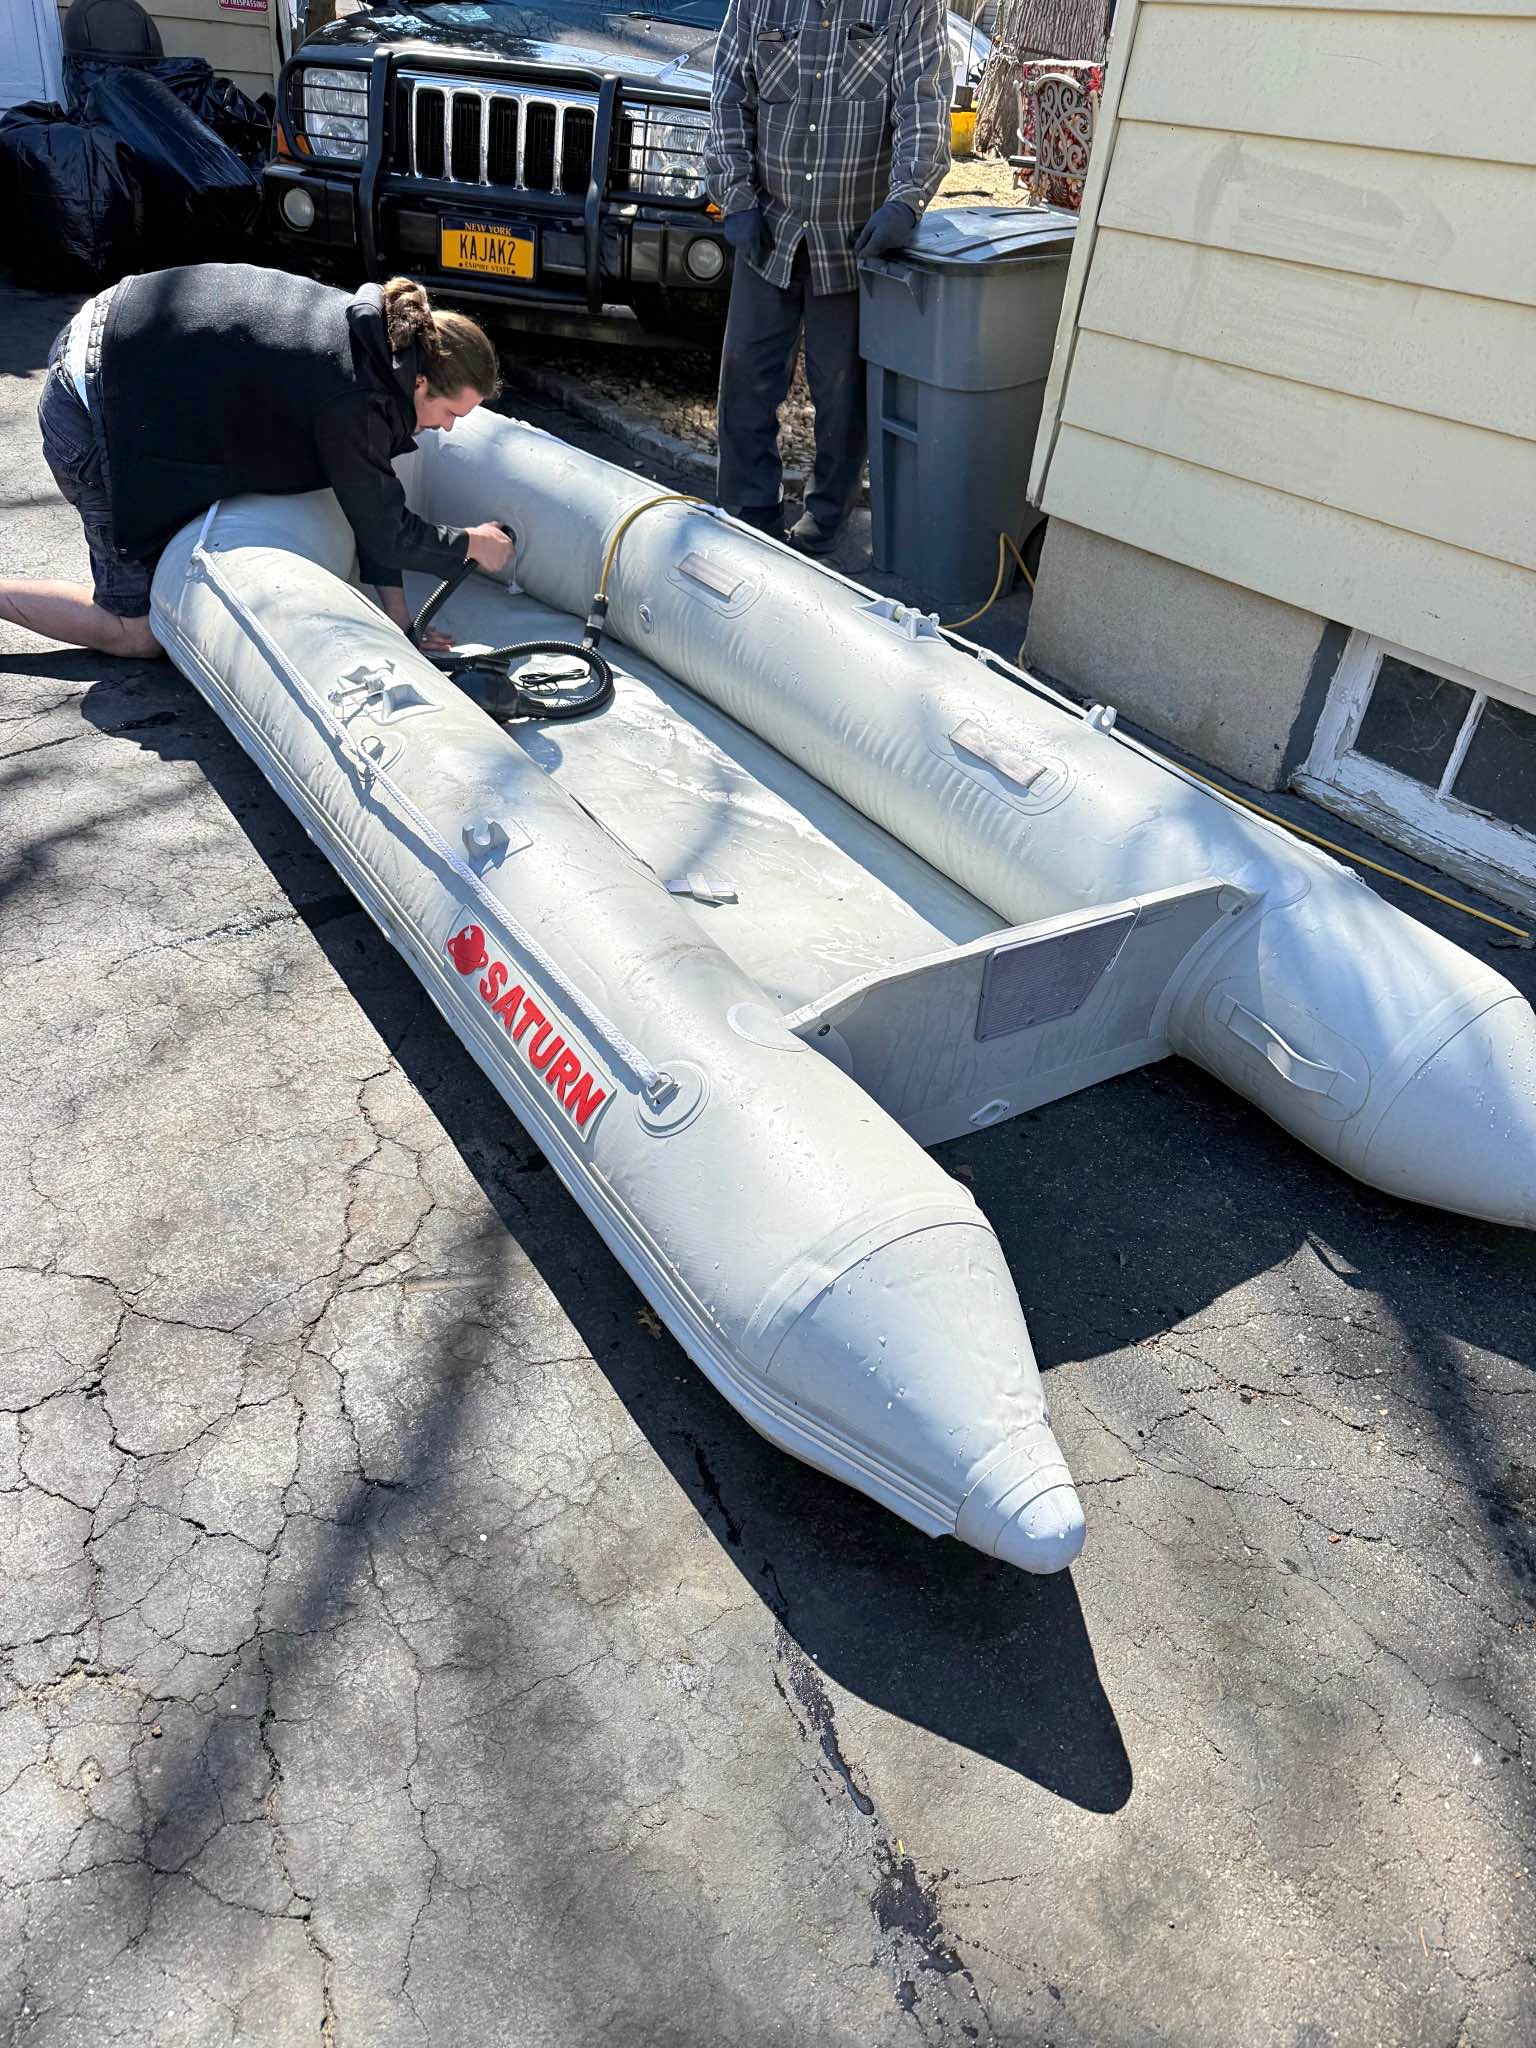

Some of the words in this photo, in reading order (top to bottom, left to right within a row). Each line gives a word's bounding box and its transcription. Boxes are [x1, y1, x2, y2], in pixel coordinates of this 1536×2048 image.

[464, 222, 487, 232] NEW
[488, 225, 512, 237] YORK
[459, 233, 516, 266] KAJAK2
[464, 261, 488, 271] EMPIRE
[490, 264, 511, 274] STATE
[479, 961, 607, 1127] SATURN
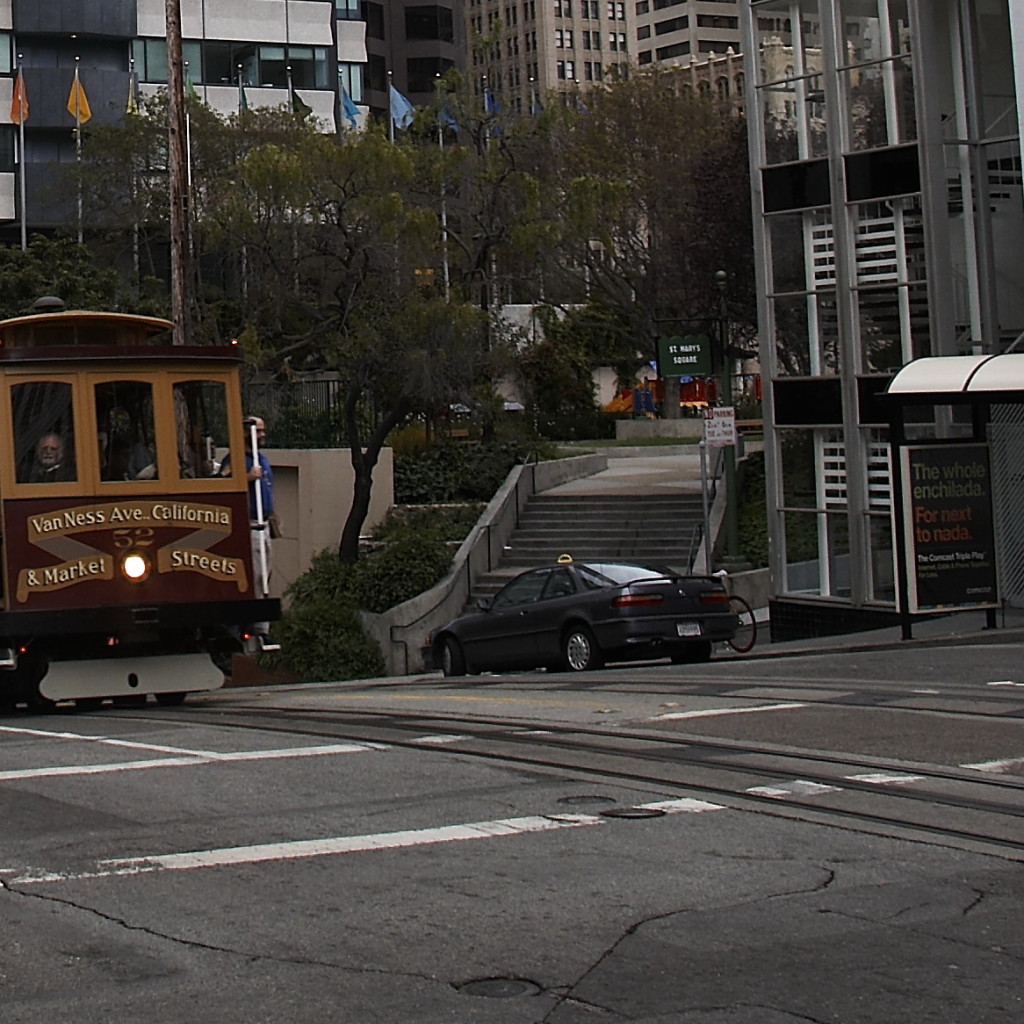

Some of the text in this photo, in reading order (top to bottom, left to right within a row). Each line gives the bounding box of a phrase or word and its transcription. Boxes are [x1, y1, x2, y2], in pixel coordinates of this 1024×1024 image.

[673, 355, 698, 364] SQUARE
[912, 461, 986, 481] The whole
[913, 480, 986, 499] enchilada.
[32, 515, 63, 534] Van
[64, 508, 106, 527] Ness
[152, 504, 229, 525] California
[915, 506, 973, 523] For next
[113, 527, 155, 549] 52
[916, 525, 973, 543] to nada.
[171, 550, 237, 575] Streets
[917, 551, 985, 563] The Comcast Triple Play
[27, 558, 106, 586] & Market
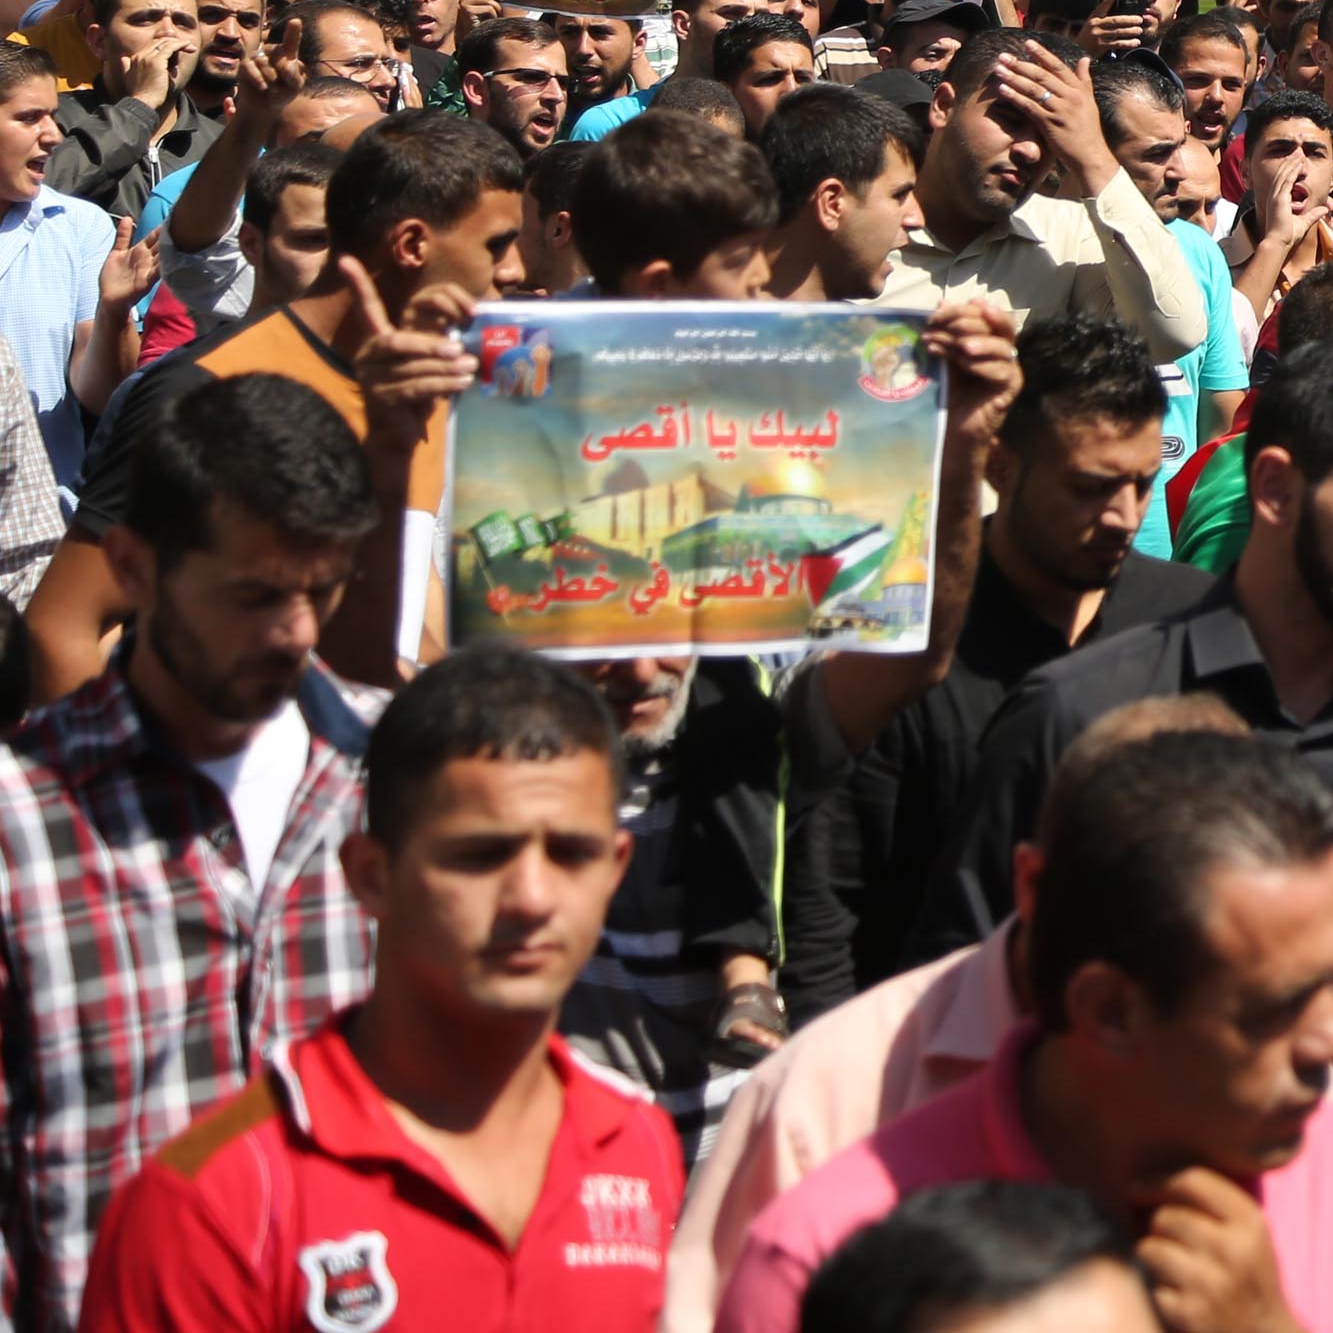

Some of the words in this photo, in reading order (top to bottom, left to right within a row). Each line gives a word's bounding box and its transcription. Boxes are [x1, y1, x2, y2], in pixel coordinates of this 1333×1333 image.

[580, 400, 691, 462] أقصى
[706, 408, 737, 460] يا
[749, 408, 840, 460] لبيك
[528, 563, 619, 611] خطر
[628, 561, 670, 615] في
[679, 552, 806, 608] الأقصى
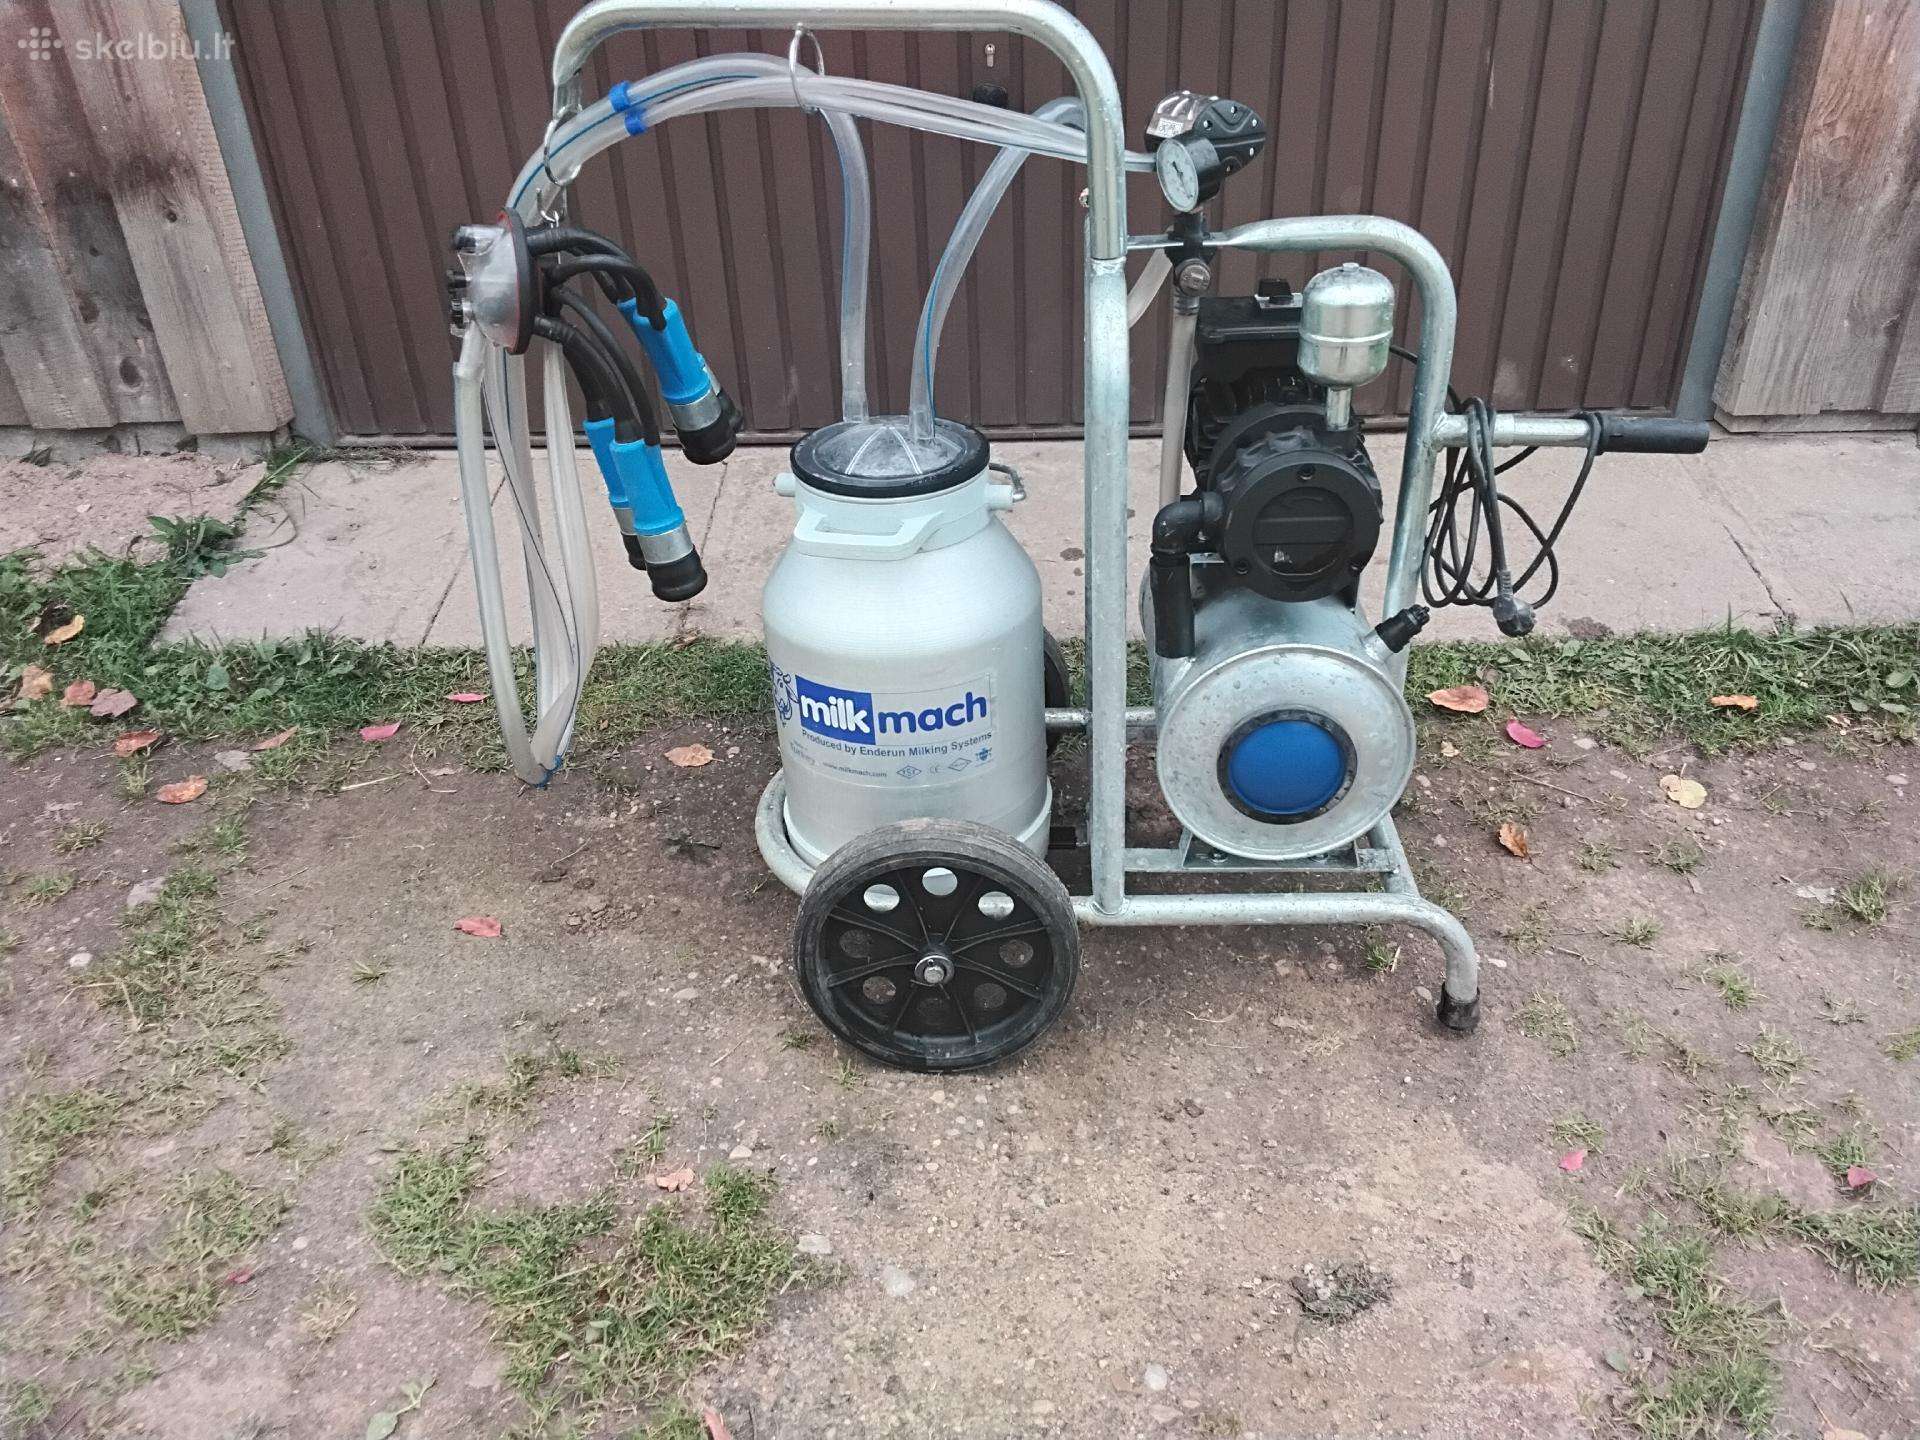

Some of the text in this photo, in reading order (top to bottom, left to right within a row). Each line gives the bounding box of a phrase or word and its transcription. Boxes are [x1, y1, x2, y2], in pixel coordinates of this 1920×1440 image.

#### [WHAT THE EXERCISE ASKS]
Write the records out in full, word for word; leave every picture behind.

#### [ANSWER]
Some of the words in this photo, in reading order (top to bottom, left to right within a row). Each line gives a word's bounding box and its transcription. Boxes are [x1, y1, x2, y2], in pixel coordinates of this 1536×2048 image.

[464, 222, 487, 232] NEW
[488, 225, 512, 237] YORK
[459, 233, 516, 266] KAJAK2
[464, 261, 488, 271] EMPIRE
[490, 264, 511, 274] STATE
[479, 961, 607, 1127] SATURN

Some of the text in this photo, in reading order (top to bottom, left to right within a row). Each line gives the bounding box of a phrase or word and its transcription. Boxes are [x1, y1, x2, y2], in pixel coordinates of this 1024×1024 image.

[673, 355, 698, 364] SQUARE
[912, 461, 986, 481] The whole
[913, 480, 986, 499] enchilada.
[32, 515, 63, 534] Van
[64, 508, 106, 527] Ness
[152, 504, 229, 525] California
[915, 506, 973, 523] For next
[113, 527, 155, 549] 52
[916, 525, 973, 543] to nada.
[171, 550, 237, 575] Streets
[917, 551, 985, 563] The Comcast Triple Play
[27, 558, 106, 586] & Market

Some of the words in this photo, in reading order (top to bottom, left to right within a row). Each line gives a word's bounding box and its transcription. Boxes are [x1, y1, x2, y2], in pixel coordinates of this 1333×1333 image.

[580, 400, 691, 462] أقصى
[706, 408, 737, 460] يا
[749, 408, 840, 460] لبيك
[528, 563, 619, 611] خطر
[628, 561, 670, 615] في
[679, 552, 806, 608] الأقصى

Some of the text in this photo, in reading order (top to bottom, left to right within a row). Each line gives the bounding box of a phrase or word and its transcription. Boxes are [x1, y1, x2, y2], in pixel coordinates of this 1920×1440 image.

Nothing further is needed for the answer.